Exercise:
Copy out each entry below verbatim, skipping the images.
═══ Materials provided ═══
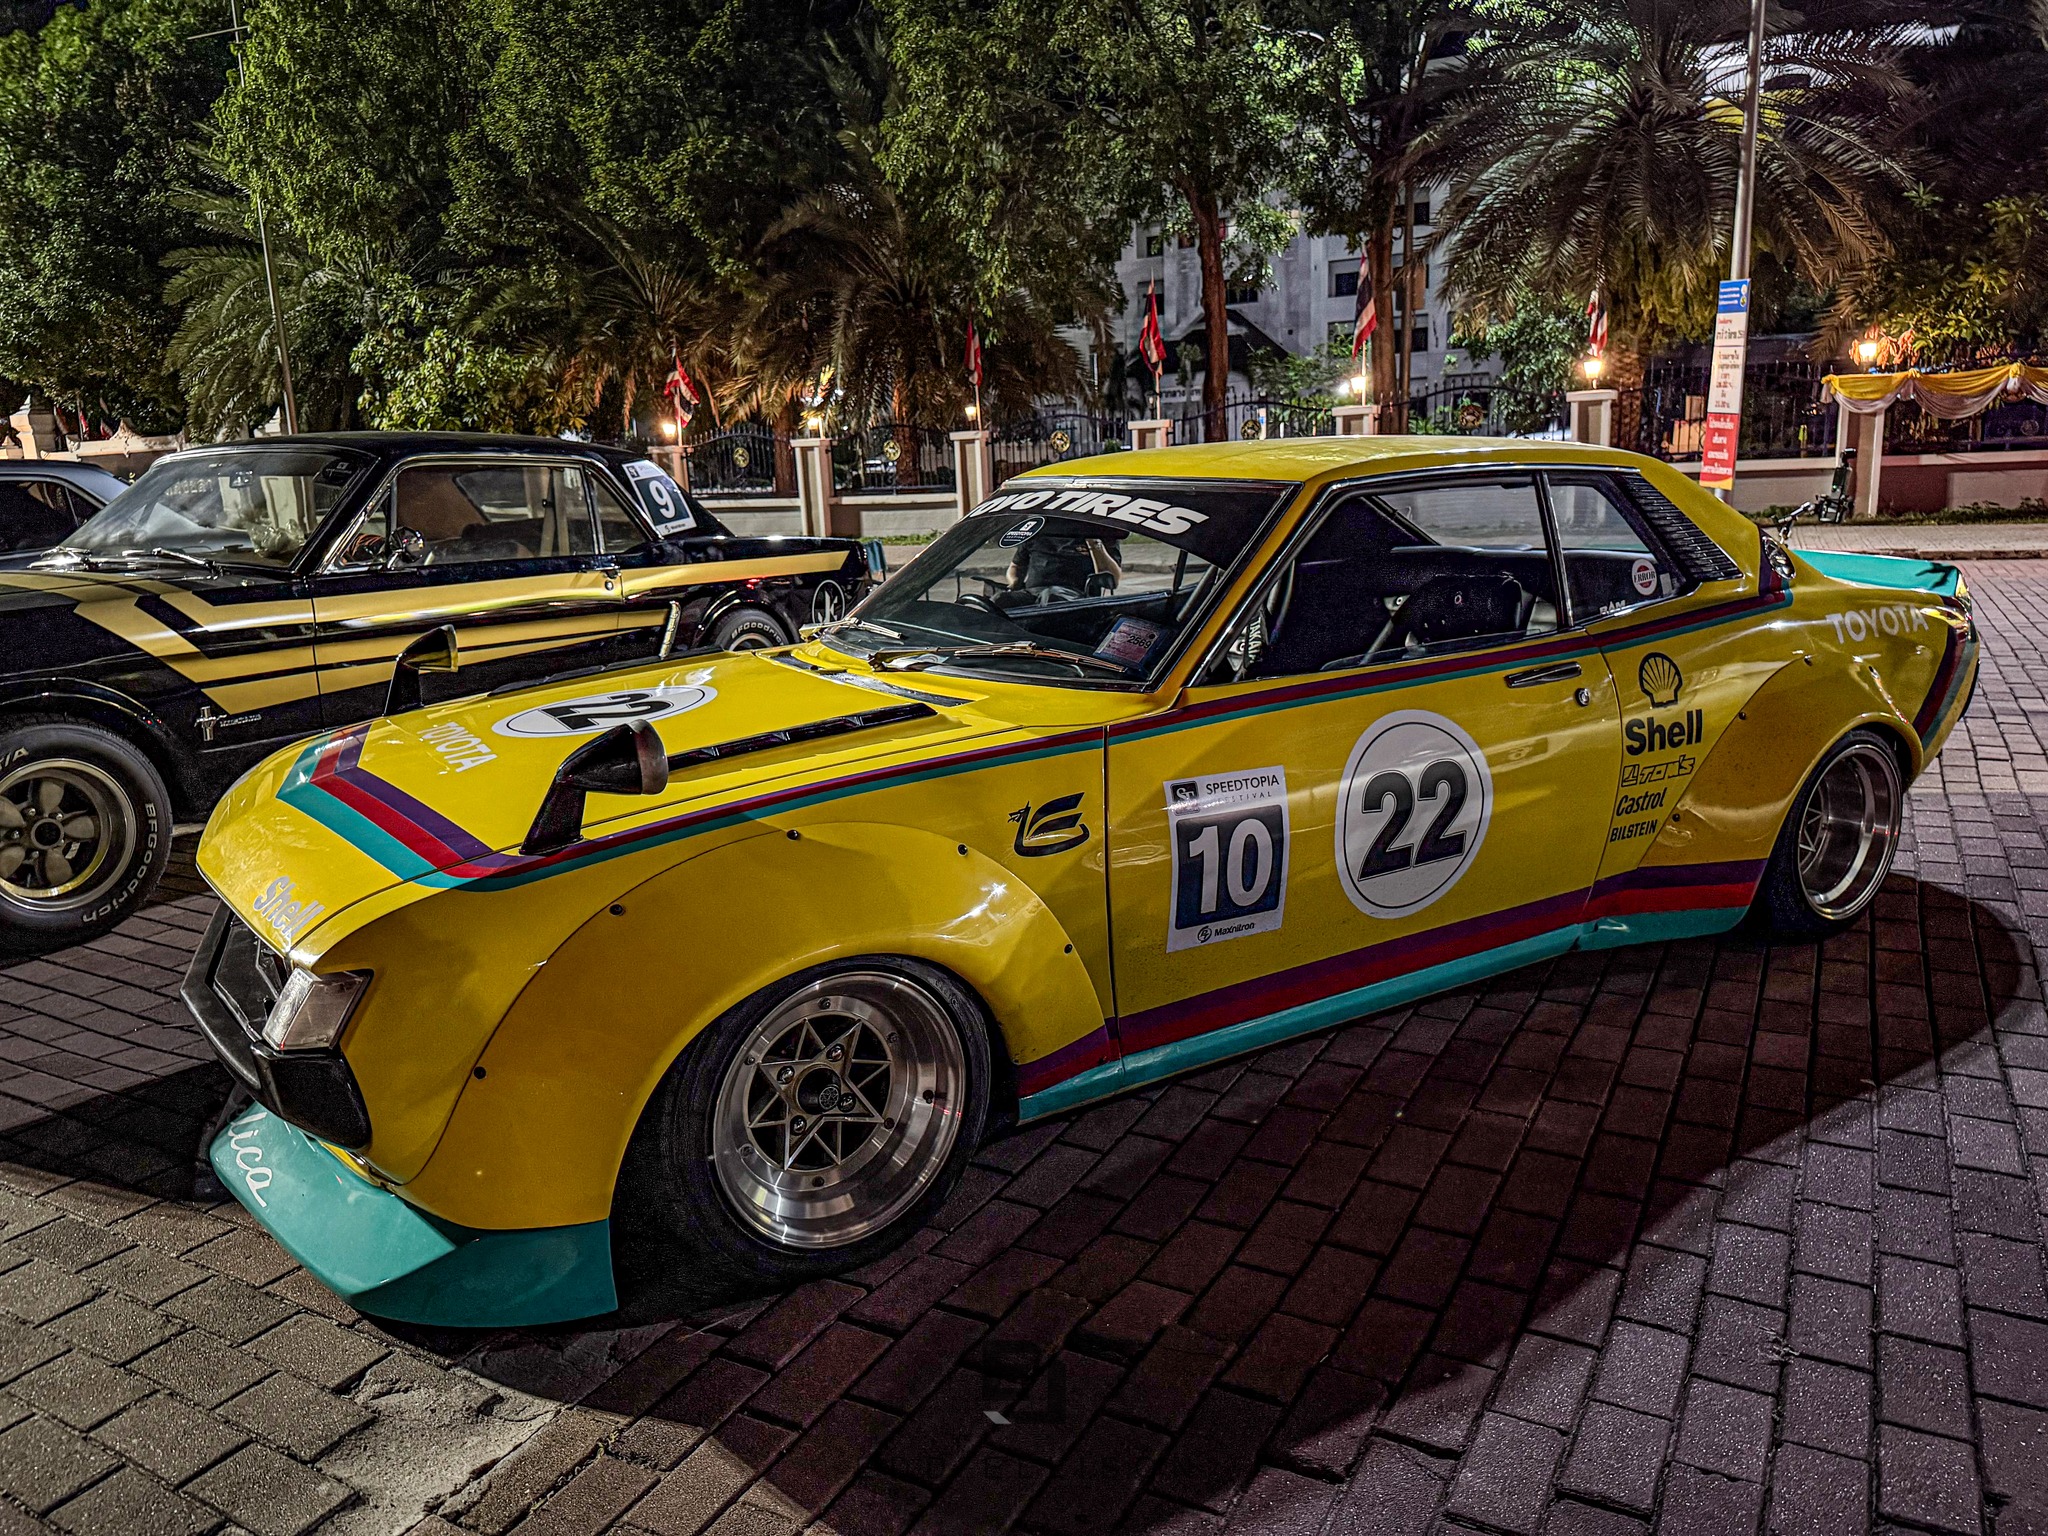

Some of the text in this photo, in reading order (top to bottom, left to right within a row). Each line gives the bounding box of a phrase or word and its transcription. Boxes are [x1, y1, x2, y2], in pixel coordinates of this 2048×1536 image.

[649, 480, 676, 519] 9
[1043, 490, 1210, 535] TIRES
[731, 621, 785, 646] BFGoodric
[1127, 634, 1152, 649] 2569
[1825, 602, 1930, 645] TOYOTA
[537, 691, 675, 731] 22
[415, 720, 498, 774] TOYOTA
[1624, 708, 1703, 757] Shell
[1205, 774, 1280, 796] SPEEDTOPIA
[1217, 790, 1272, 804] ESTIVAL
[1615, 786, 1668, 817] Castrol
[1357, 757, 1469, 883] 22
[1609, 818, 1659, 844] BILSTEIN
[82, 802, 158, 924] BFGoodrich
[1189, 817, 1273, 915] 10
[253, 875, 326, 939] Shell
[1214, 922, 1255, 937] Maxnitron
═══
Solution to this exercise:
Some of the text in this photo, in reading order (top to bottom, left to right within a row). Each line gives the bounding box of a phrase or word and its transcription. Boxes are [x1, y1, x2, y2], in pixel coordinates of this 2048×1536 image.

[649, 480, 676, 519] 9
[1043, 490, 1210, 535] TIRES
[731, 621, 785, 646] BFGoodric
[1127, 634, 1152, 649] 2569
[1825, 602, 1930, 645] TOYOTA
[537, 691, 675, 731] 22
[415, 720, 498, 774] TOYOTA
[1624, 708, 1703, 757] Shell
[1205, 774, 1280, 796] SPEEDTOPIA
[1217, 790, 1272, 804] ESTIVAL
[1615, 786, 1668, 817] Castrol
[1357, 757, 1469, 883] 22
[1609, 818, 1659, 844] BILSTEIN
[82, 802, 158, 924] BFGoodrich
[1189, 817, 1273, 915] 10
[253, 875, 326, 939] Shell
[1214, 922, 1255, 937] Maxnitron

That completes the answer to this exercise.